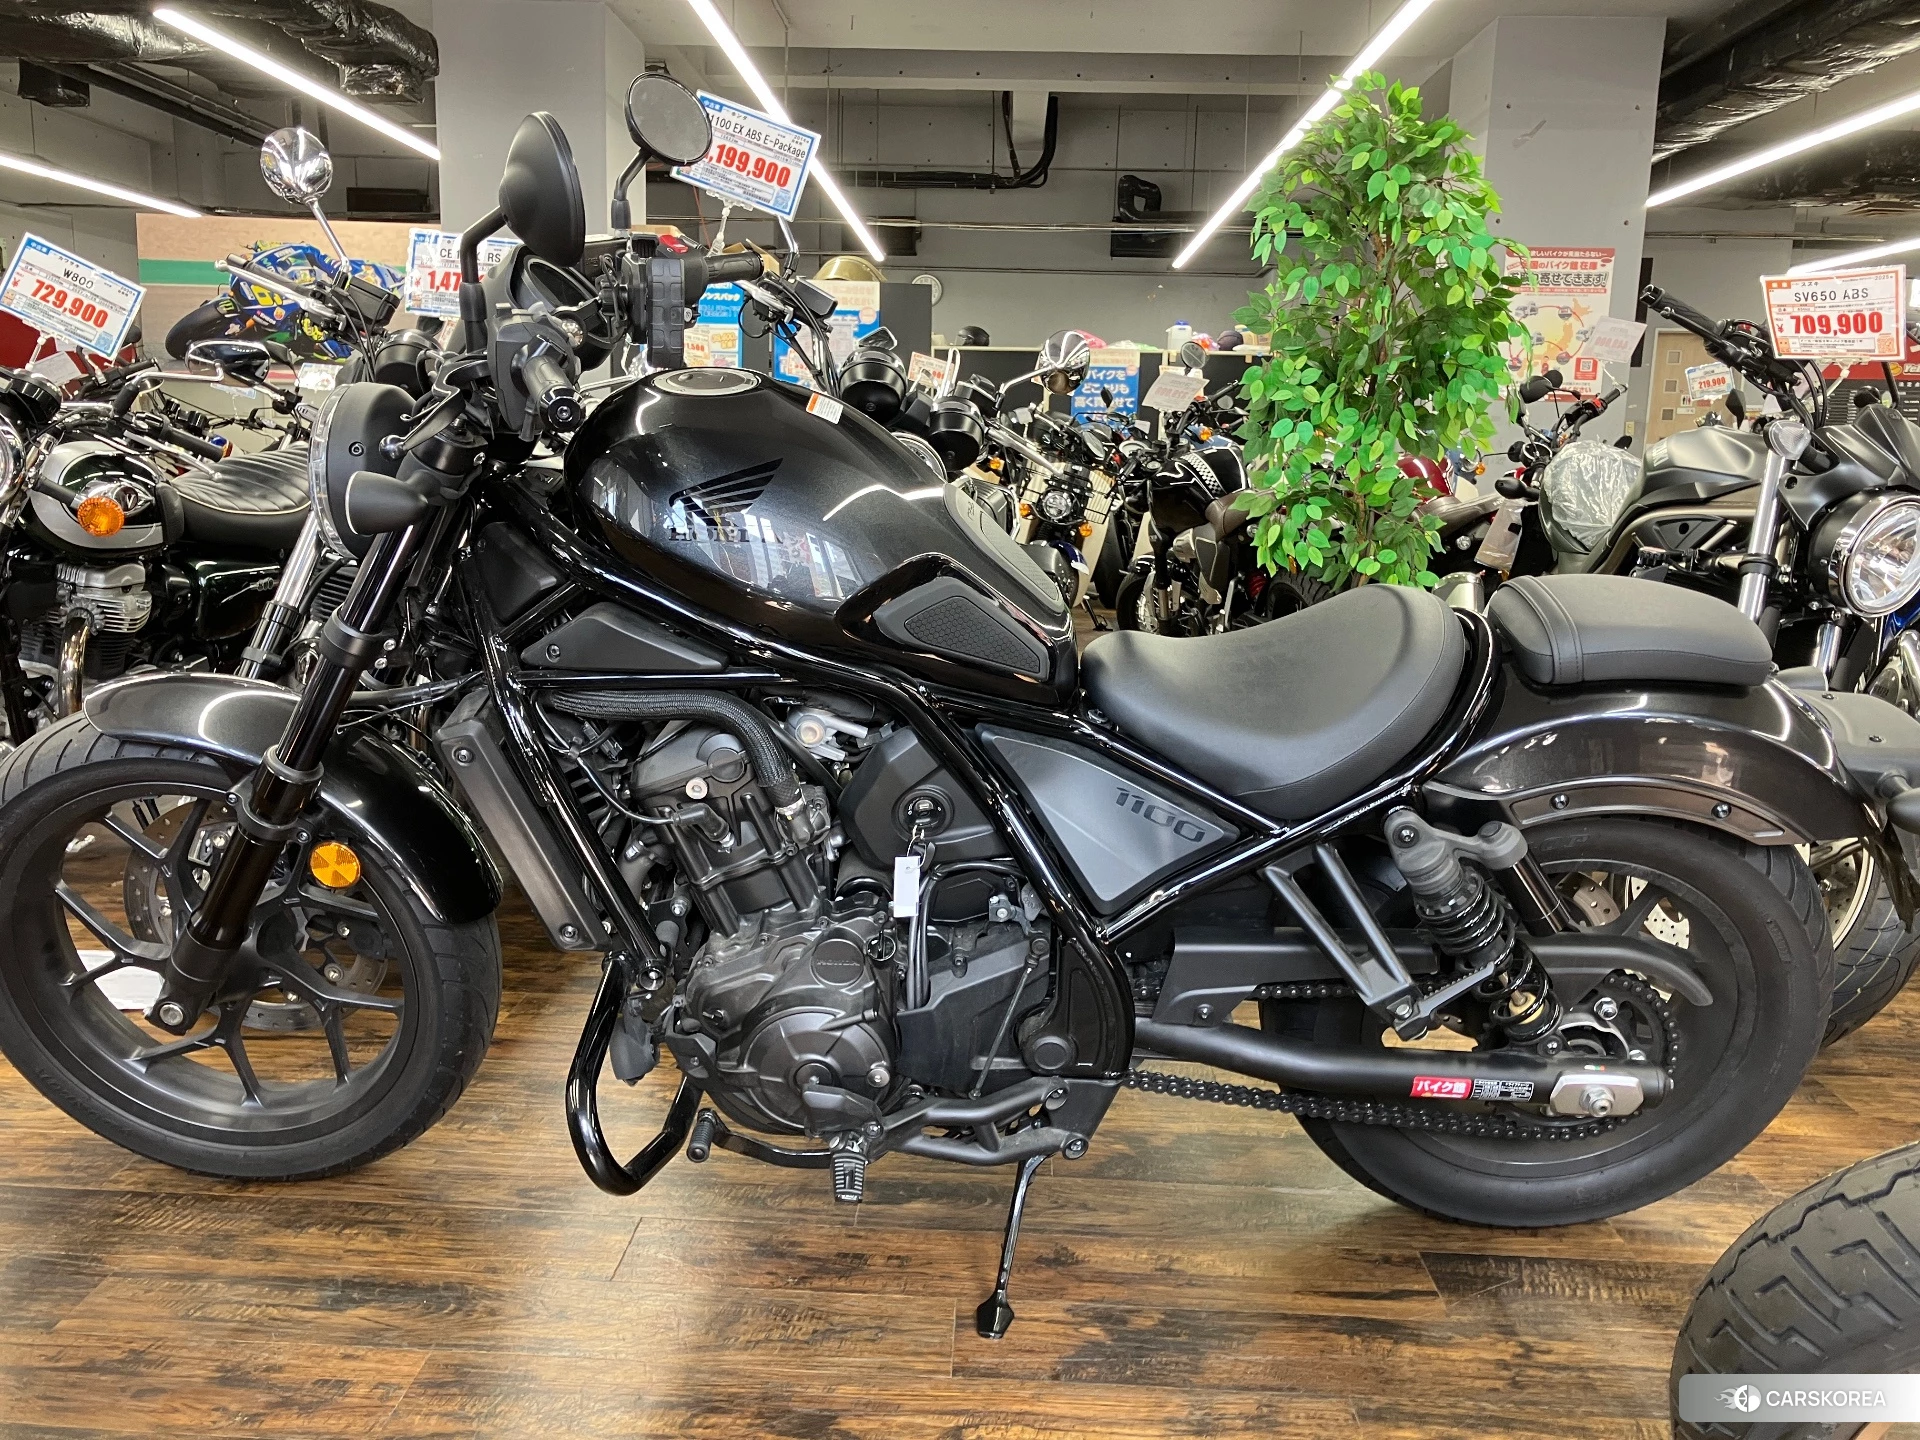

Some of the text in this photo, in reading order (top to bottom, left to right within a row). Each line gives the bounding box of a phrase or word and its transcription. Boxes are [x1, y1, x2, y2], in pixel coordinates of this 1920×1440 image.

[708, 113, 806, 159] 1100 EX ABS E-Package
[63, 267, 94, 289] W800
[1794, 288, 1869, 302] SV650 ABS
[30, 279, 109, 328] 729,900
[1789, 311, 1883, 336] 709,900
[1116, 786, 1206, 843] 1100
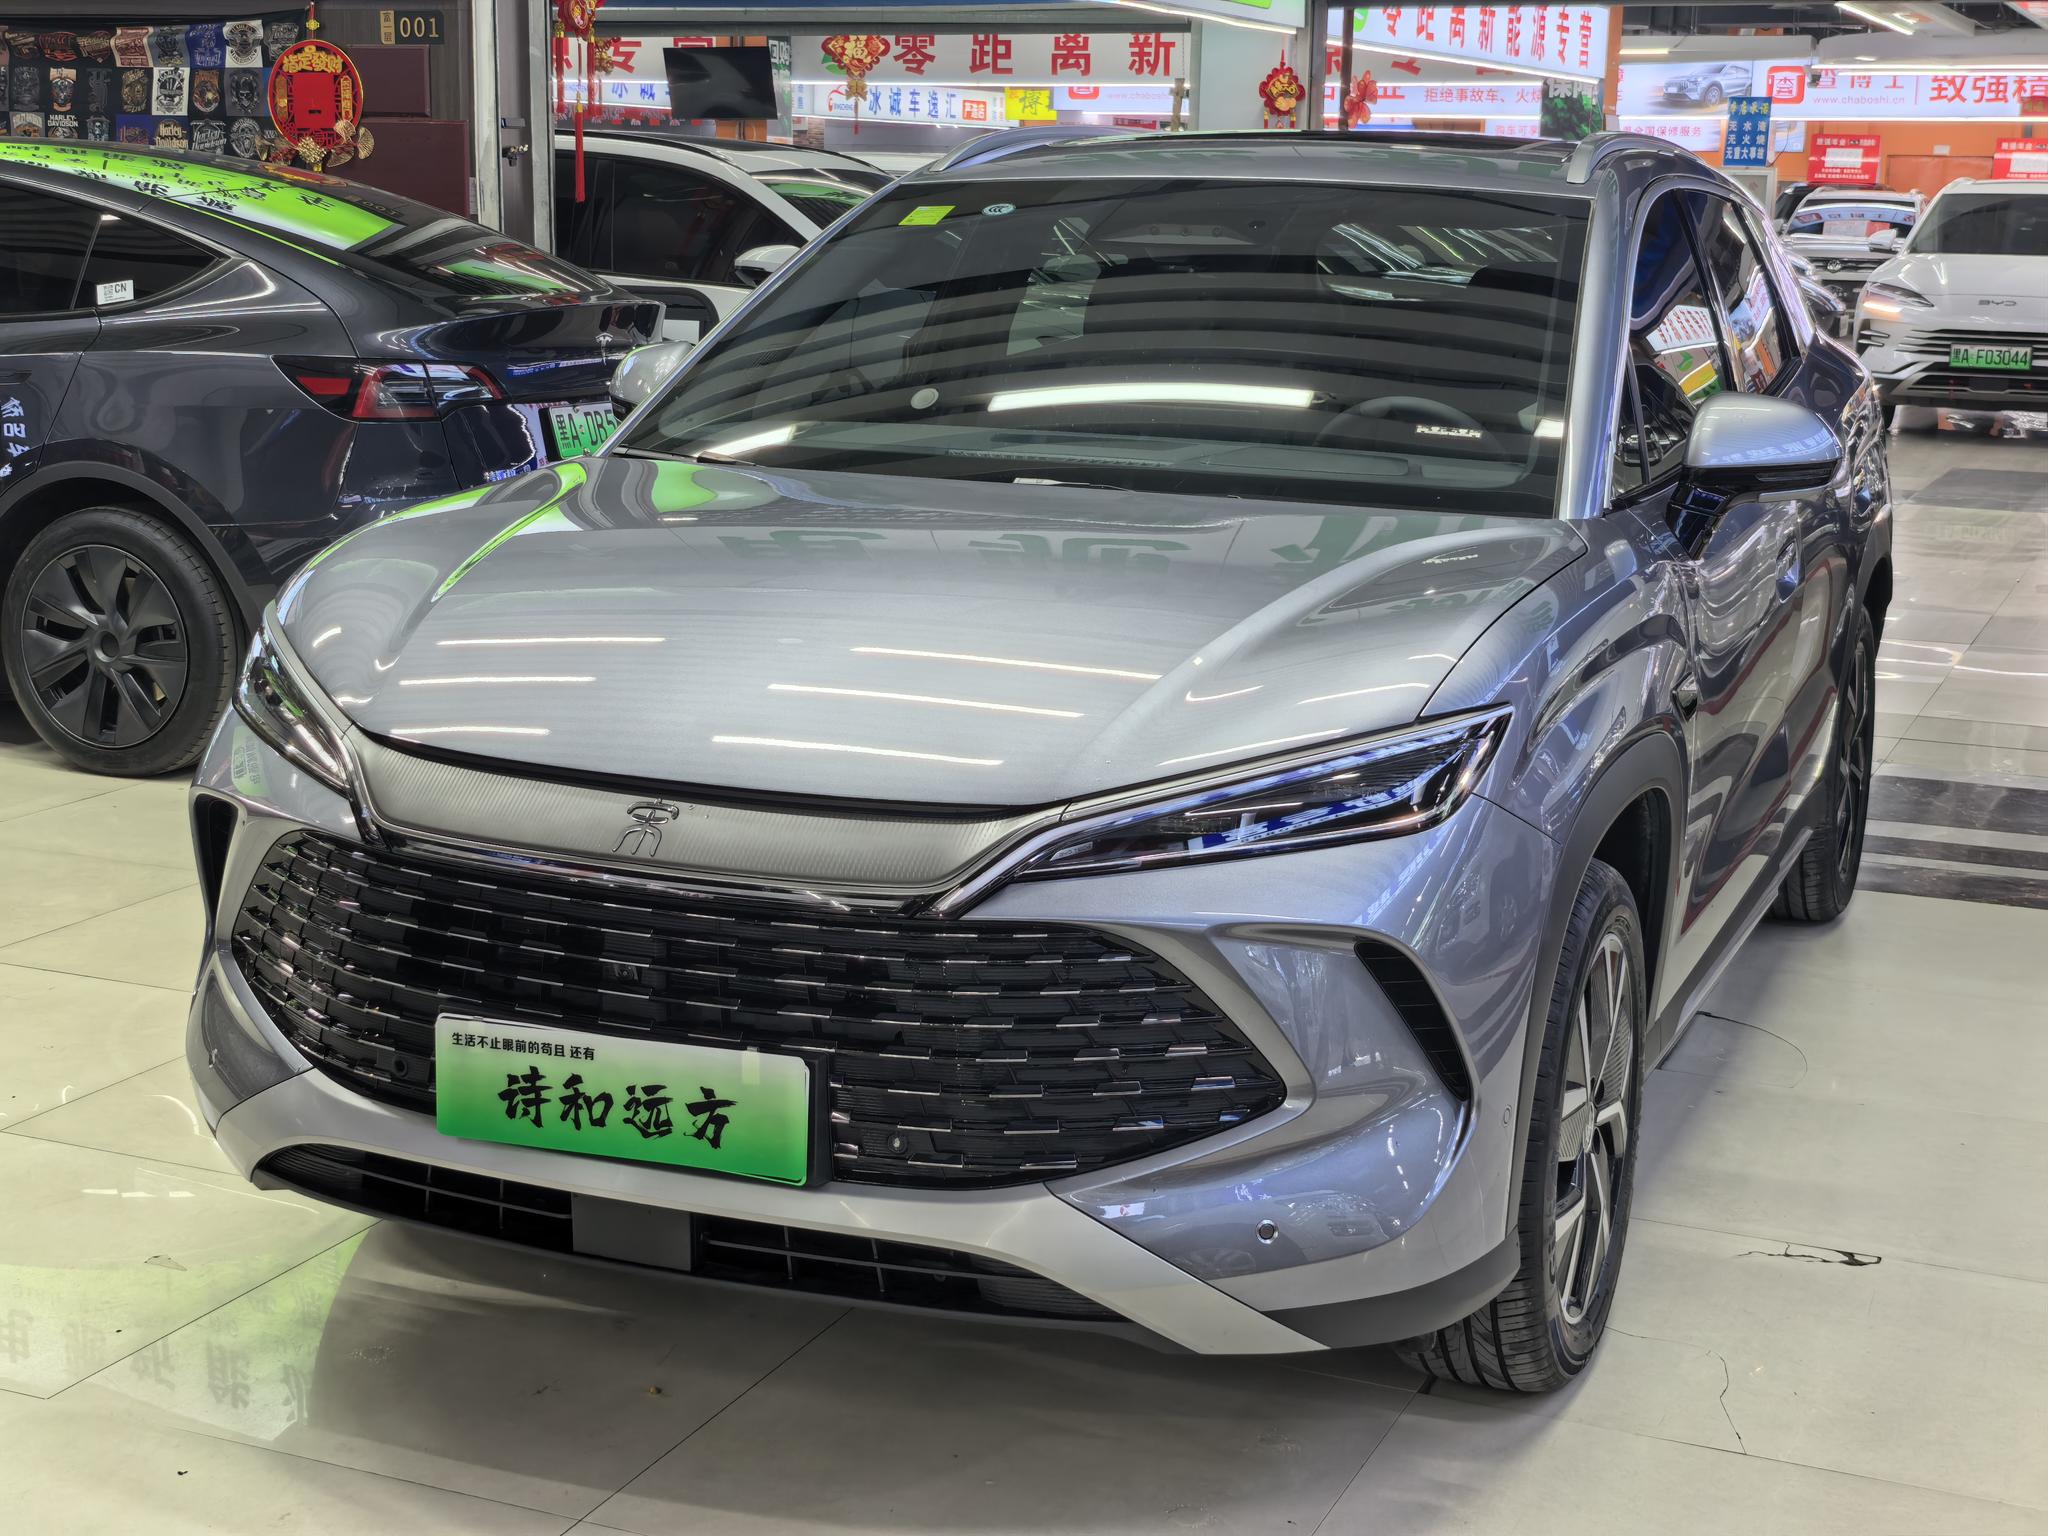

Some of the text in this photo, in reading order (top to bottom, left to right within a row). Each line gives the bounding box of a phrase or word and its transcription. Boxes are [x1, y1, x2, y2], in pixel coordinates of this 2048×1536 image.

[399, 16, 439, 38] 001
[893, 33, 1177, 76] 零距离新
[1813, 95, 1905, 104] www.chaboshi.cn
[47, 119, 79, 127] DAVIDSON
[1725, 146, 1765, 160] 无重大事故
[114, 282, 127, 293] CN
[1975, 349, 2029, 366] F03044
[451, 1031, 596, 1062] 生活不止眼前的苟且 还有
[497, 1066, 740, 1150] 诗和远方
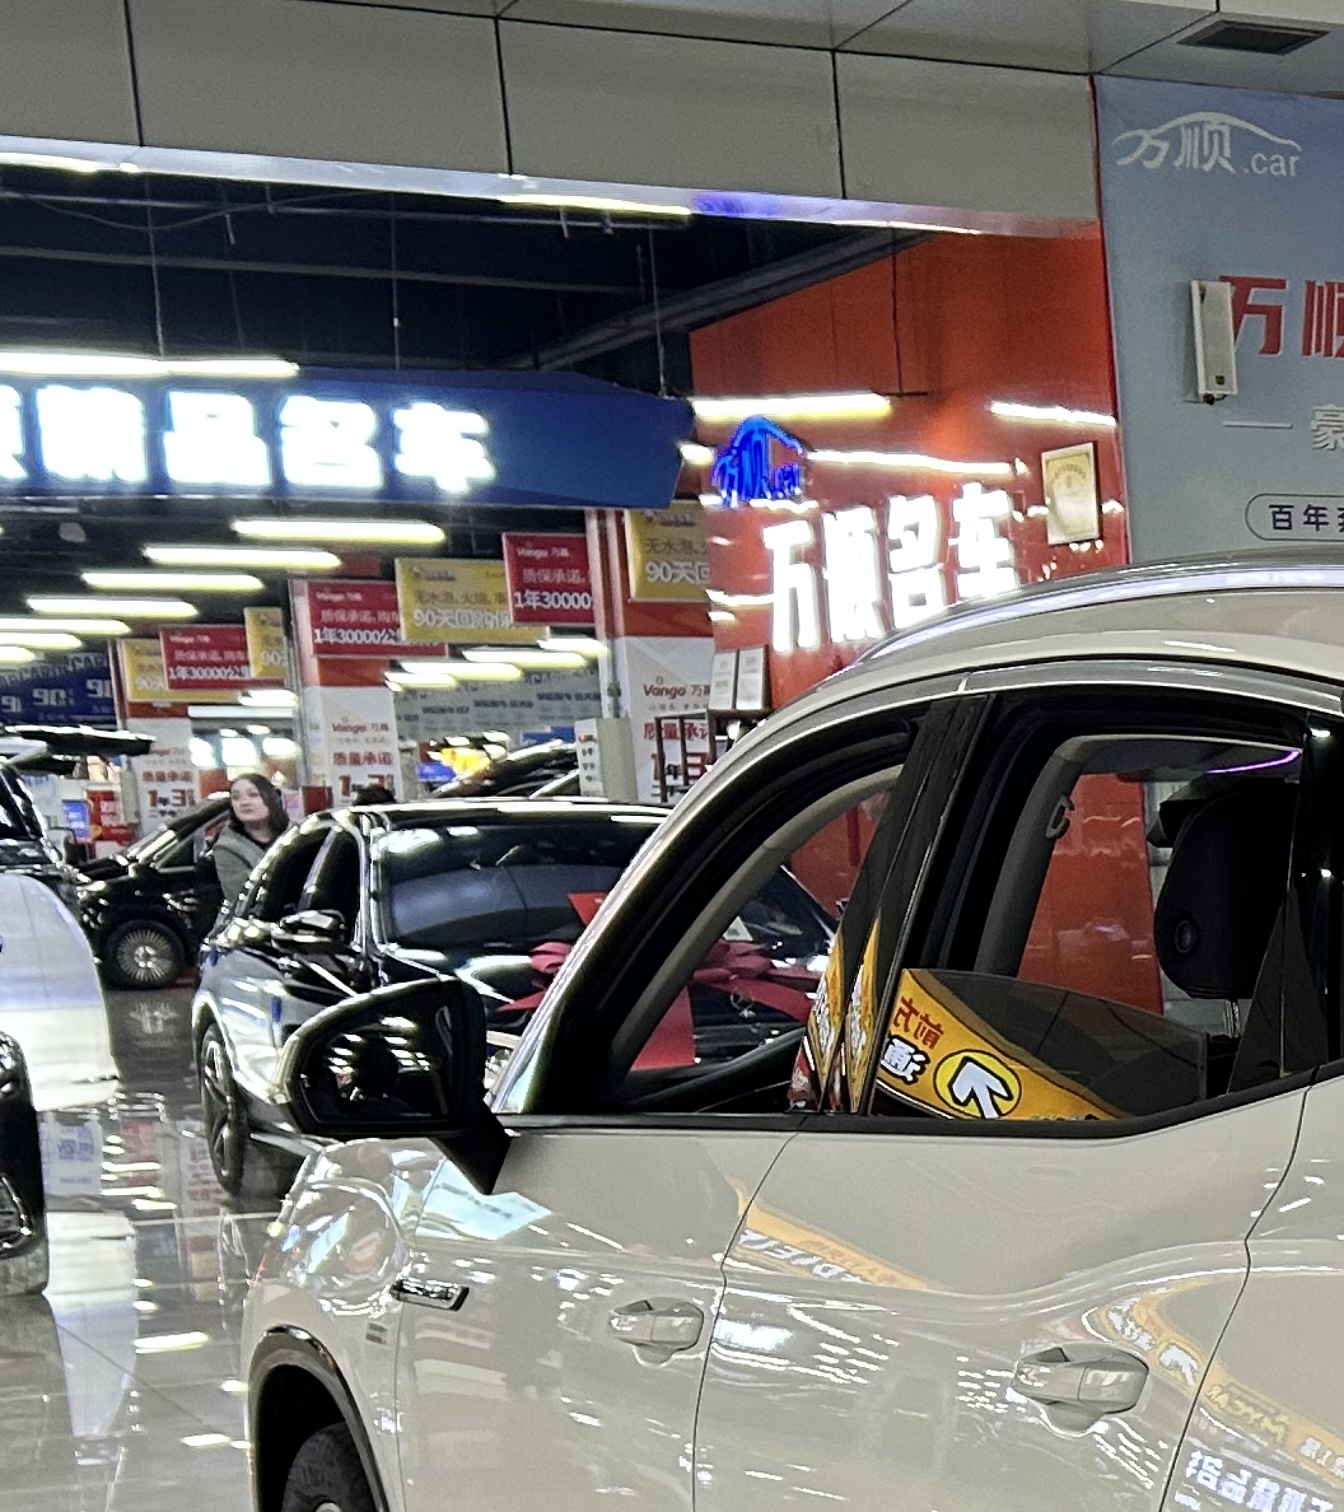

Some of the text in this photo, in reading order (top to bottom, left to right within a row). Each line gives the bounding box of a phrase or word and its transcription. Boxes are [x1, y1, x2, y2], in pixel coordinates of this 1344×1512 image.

[1113, 113, 1236, 174] 万顺
[0, 384, 497, 494] 精品名车
[763, 482, 1021, 651] 万顺名车
[643, 684, 686, 699] Vango
_ _ _ _ _
For this task, copy exactly the line with "this 1344×1512 image." and the lines that come after it, stopping at the end of the material above.

Some of the text in this photo, in reading order (top to bottom, left to right within a row). Each line gives the bounding box of a phrase or word and its transcription. Boxes are [x1, y1, x2, y2], in pixel coordinates of this 1344×1512 image.

[1113, 113, 1236, 174] 万顺
[0, 384, 497, 494] 精品名车
[763, 482, 1021, 651] 万顺名车
[643, 684, 686, 699] Vango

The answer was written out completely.